Welsh Heroes: Original Digital Illustrations by Benjy Davies


Benjy Davies kindly gave us permission to share these images from his Welsh Heroes collection inspired by the results of Culturenet Cymru's "100 Welsh Heroes" online poll. To see the layers used to create the images, and to read more about his process and the heroes themselves, visit the Gallery. For instance, the Dylan Thomas image above includes landscape images and manuscripts, as well as Thomas himself.





Sir Richard Burton, a great admirer of Thomas' work and of course very fine actor, performed Under Milk Wood many times, and brought along Liz Taylor as Rosie Probert.






David Lloyd George served as Prime Minister of Great Britain from 1916-1922, the only Welshmen to hold the office. He was "widely credited with ending the First World War, and setting up infrastructure and procedures that contributed to winning the Second World War."
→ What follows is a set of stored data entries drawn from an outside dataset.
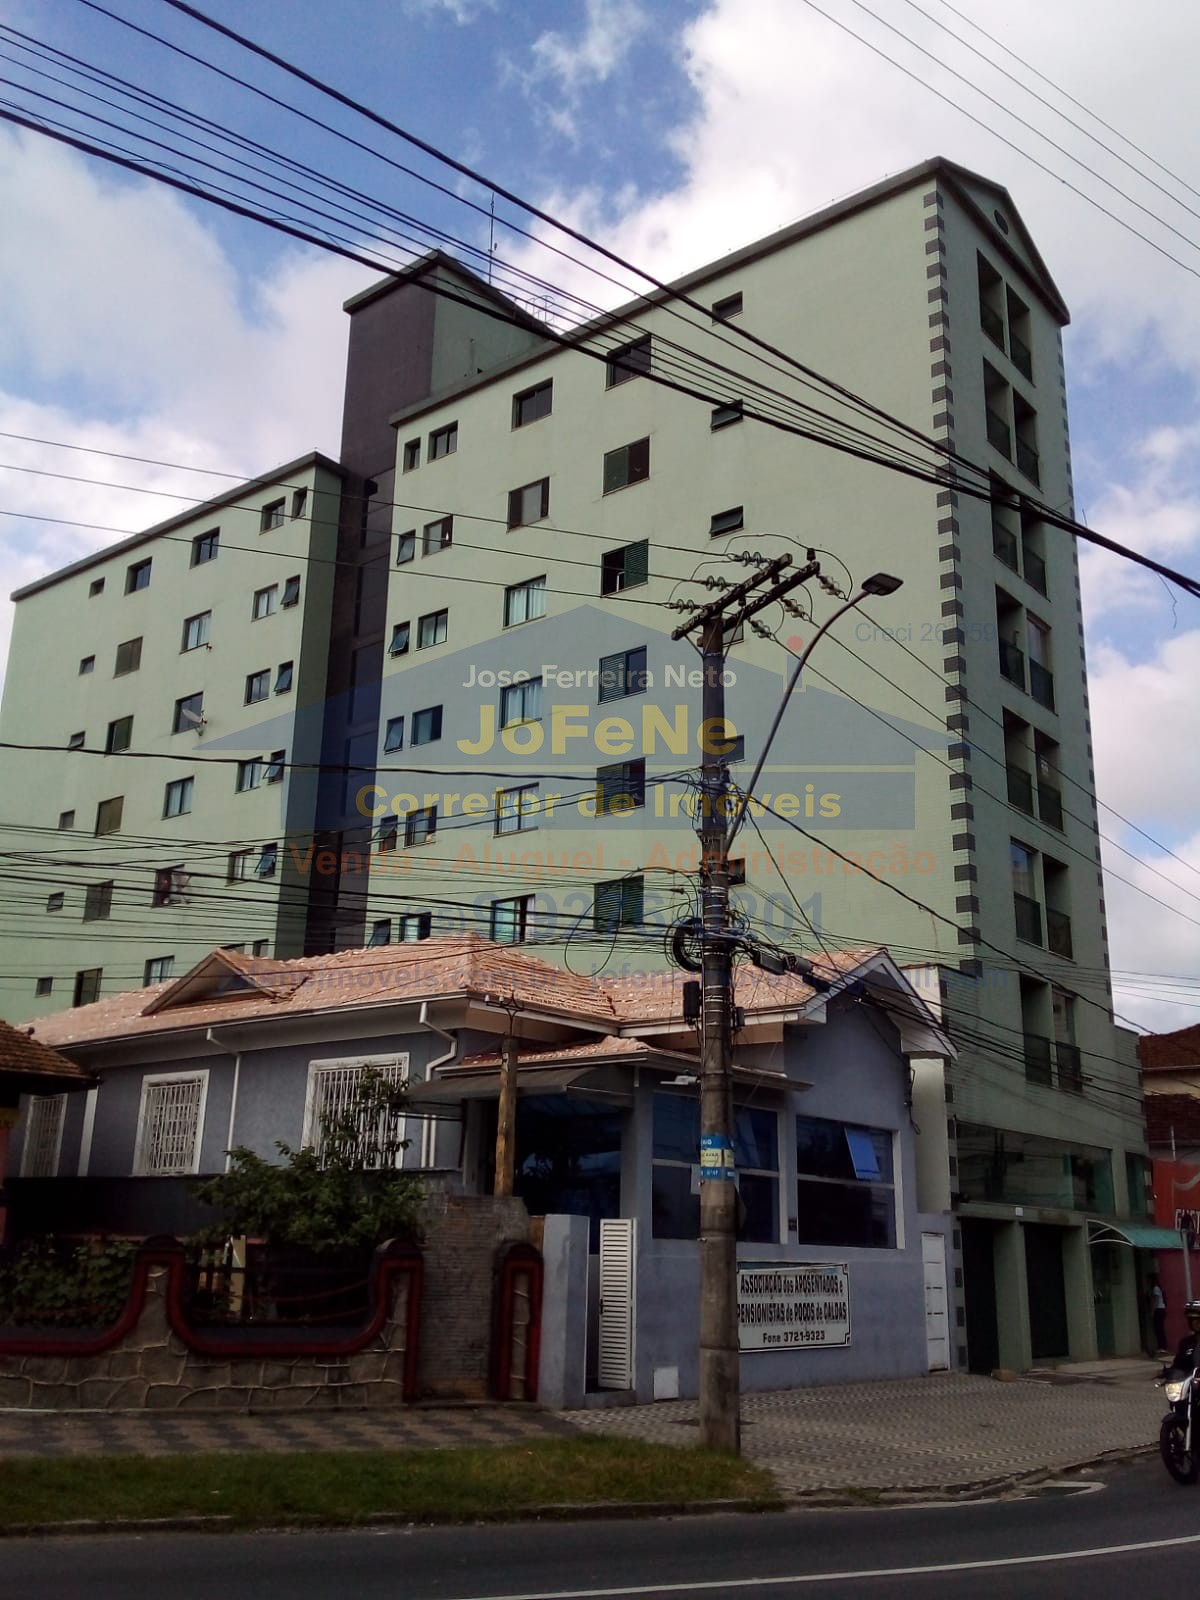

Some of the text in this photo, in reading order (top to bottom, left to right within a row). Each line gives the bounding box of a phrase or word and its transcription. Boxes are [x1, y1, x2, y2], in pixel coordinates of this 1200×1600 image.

[795, 1274, 838, 1293] APOSENTADOS
[786, 1303, 793, 1321] de
[816, 1302, 823, 1320] de
[824, 1302, 847, 1320] CALDAS
[763, 1330, 826, 1343] Fone 3721-9323
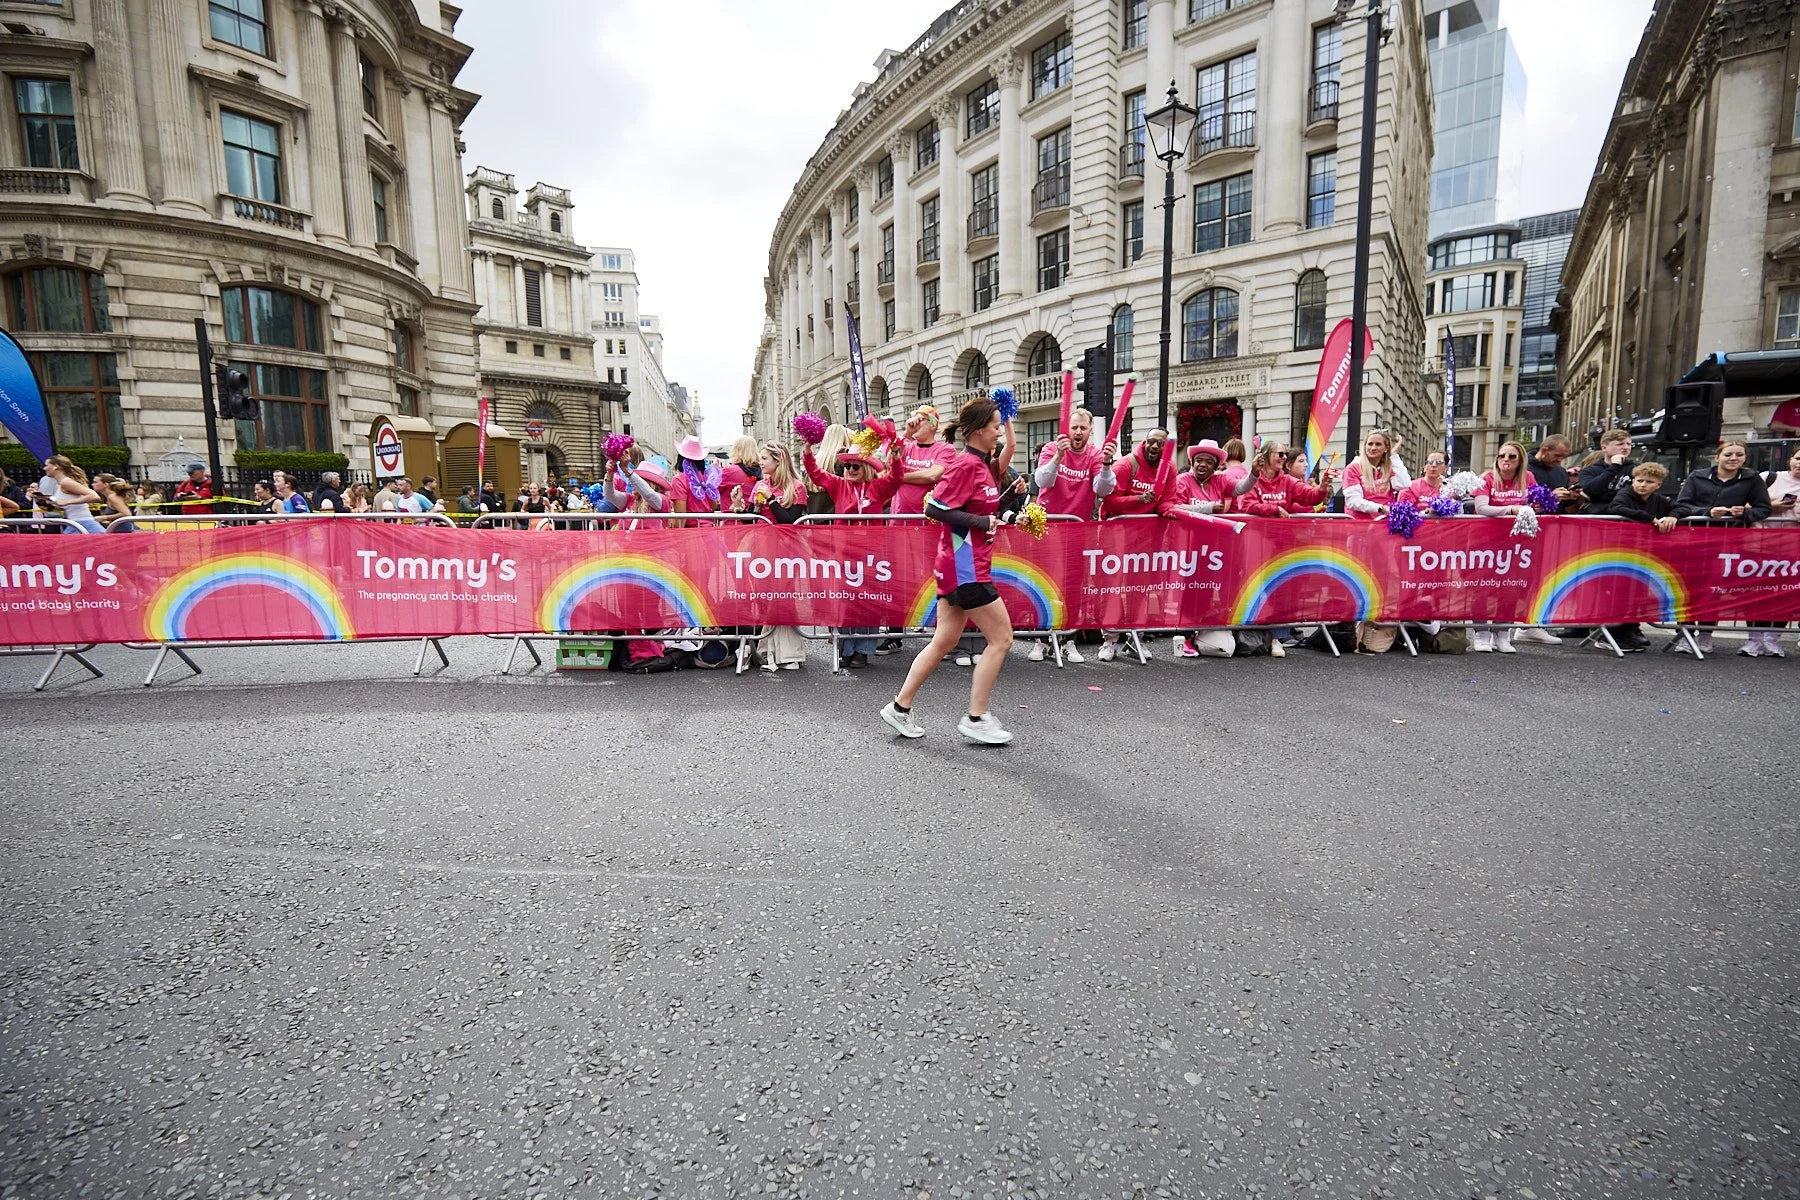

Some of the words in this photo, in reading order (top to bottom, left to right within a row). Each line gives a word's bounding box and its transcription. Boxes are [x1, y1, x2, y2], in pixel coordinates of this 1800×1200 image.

[1176, 378, 1217, 388] LOMBARD
[1220, 373, 1251, 384] STREET
[9, 402, 30, 423] Smith
[376, 444, 401, 454] UNDERGROUND
[1082, 544, 1224, 577] Tommy's
[1401, 543, 1533, 575] Tommy's
[0, 557, 118, 595] my's
[356, 550, 517, 588] Tommy's
[727, 551, 892, 588] Tommy's
[1083, 586, 1099, 595] The
[1100, 583, 1146, 597] pregnancy
[1147, 581, 1164, 592] and
[1165, 581, 1187, 591] baby
[1188, 580, 1222, 592] charity
[1401, 580, 1417, 590] The
[1418, 580, 1462, 590] pregnancy
[1463, 579, 1480, 588] and
[1480, 578, 1501, 589] baby
[1502, 577, 1528, 589] charity
[11, 600, 36, 610] and
[38, 600, 72, 612] baby
[74, 598, 121, 611] charity
[358, 590, 375, 600] The
[376, 592, 427, 602] pregnancy
[429, 591, 449, 601] and
[451, 591, 478, 603] baby
[480, 592, 518, 604] charity
[727, 590, 747, 600] The
[750, 591, 804, 601] pregnancy
[806, 590, 826, 599] and
[829, 590, 855, 600] baby
[858, 590, 893, 603] charity
Robert Owen, an industrialist and social reformer, fought to improve the “dark, satanic mills”of the Industrial Age, and in his 1816 "A New View of Society," espoused a plan for cooperative villages, which inspired the founding of New Harmony, Indiana, among others.








Phil Campbell has been both guitarist of the heavy metal group Motorhead, and a Minister of Health and Labor Party leader.









For close to twenty years, in the 13th century, Llywelyn ap Gruffudd "ruled a united Wales, and briefly, it appeared that Wales would achieve an independent national status. As history turned, it did not work out that way."





Rowan Williams, despite his outspokenness "against nuclear proliferation, the Iraq war, the over-dependence of the free market as a governing force, and in favor of the ordination of women," and particularly about homosexuality, became the 104th Archbishop of Canterbury in 2002.







Sir Anthony Hopkins has directed Under Milk Wood and played First Voice. He once performed in Strindberg's The Dance of Death as Olivier's understudy, and Olivier said “He walked away with the role like a cat with a mouse between its teeth”.